Requirement - Output every line below exactly, please, omitting pictures.

Stored data entries
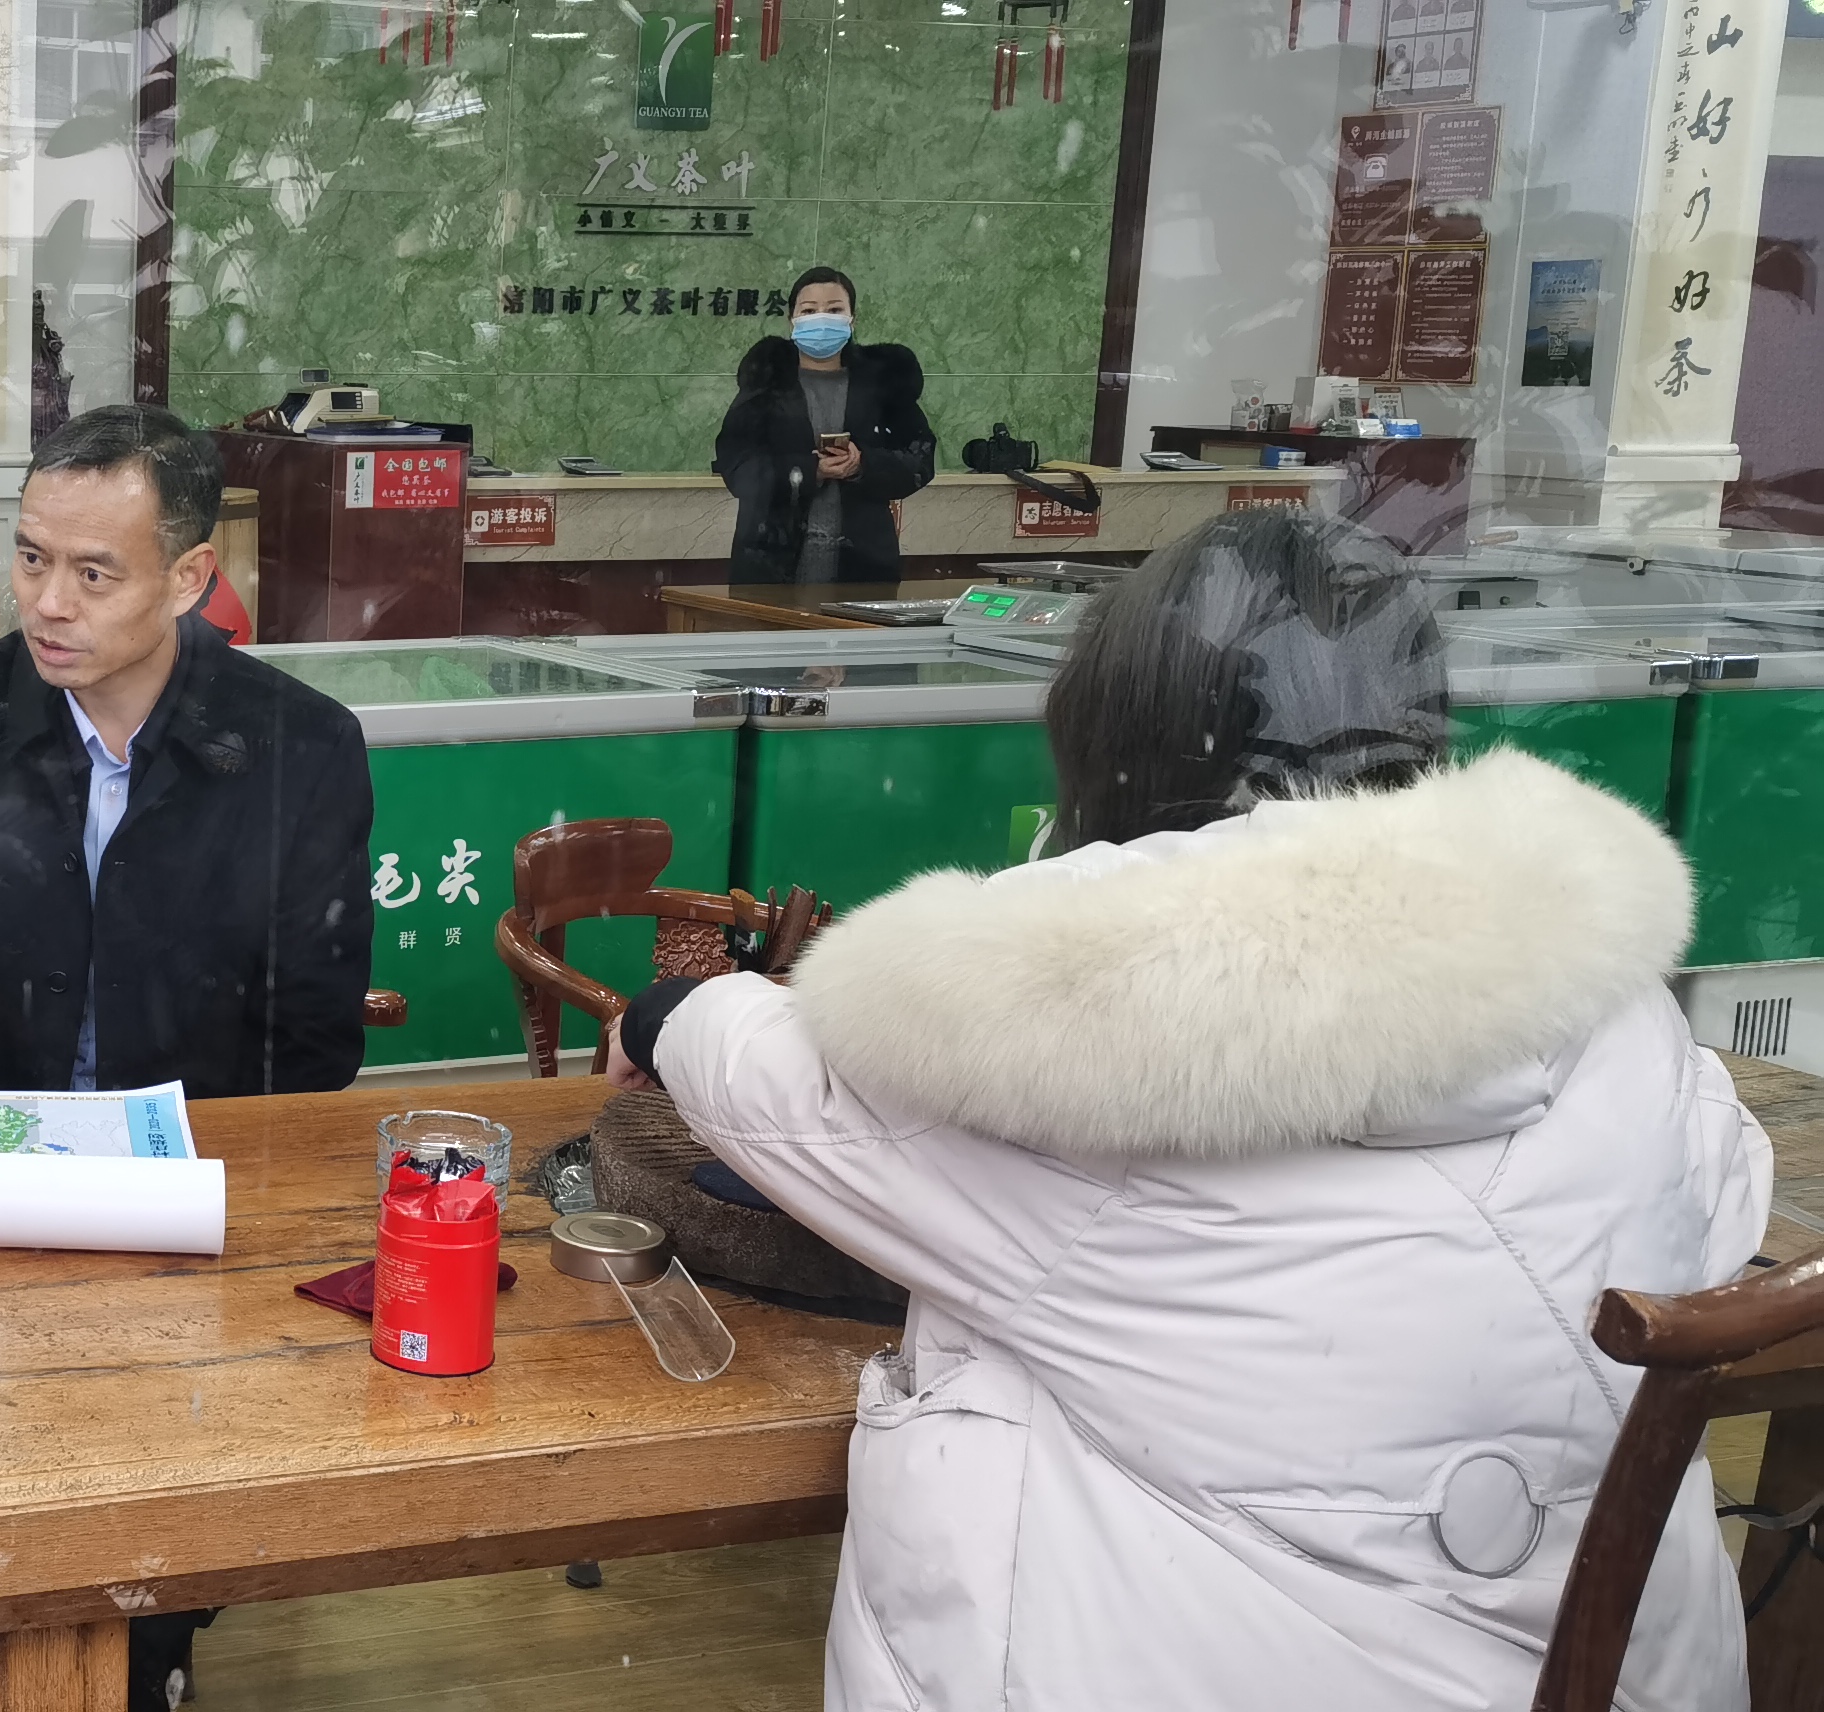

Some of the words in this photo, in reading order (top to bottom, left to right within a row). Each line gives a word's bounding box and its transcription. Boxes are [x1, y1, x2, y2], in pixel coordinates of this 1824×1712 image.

[638, 106, 686, 119] GUANGYI
[689, 106, 709, 119] TEA
[582, 136, 755, 198] 广义茶叶
[383, 456, 447, 473] 全国包邮
[490, 507, 548, 525] 游客投诉
[370, 838, 483, 910] 毛尖
[398, 926, 463, 950] 群贤

Exercise response -
Some of the words in this photo, in reading order (top to bottom, left to right within a row). Each line gives a word's bounding box and its transcription. Boxes are [x1, y1, x2, y2], in pixel coordinates of this 1824×1712 image.

[638, 106, 686, 119] GUANGYI
[689, 106, 709, 119] TEA
[582, 136, 755, 198] 广义茶叶
[383, 456, 447, 473] 全国包邮
[490, 507, 548, 525] 游客投诉
[370, 838, 483, 910] 毛尖
[398, 926, 463, 950] 群贤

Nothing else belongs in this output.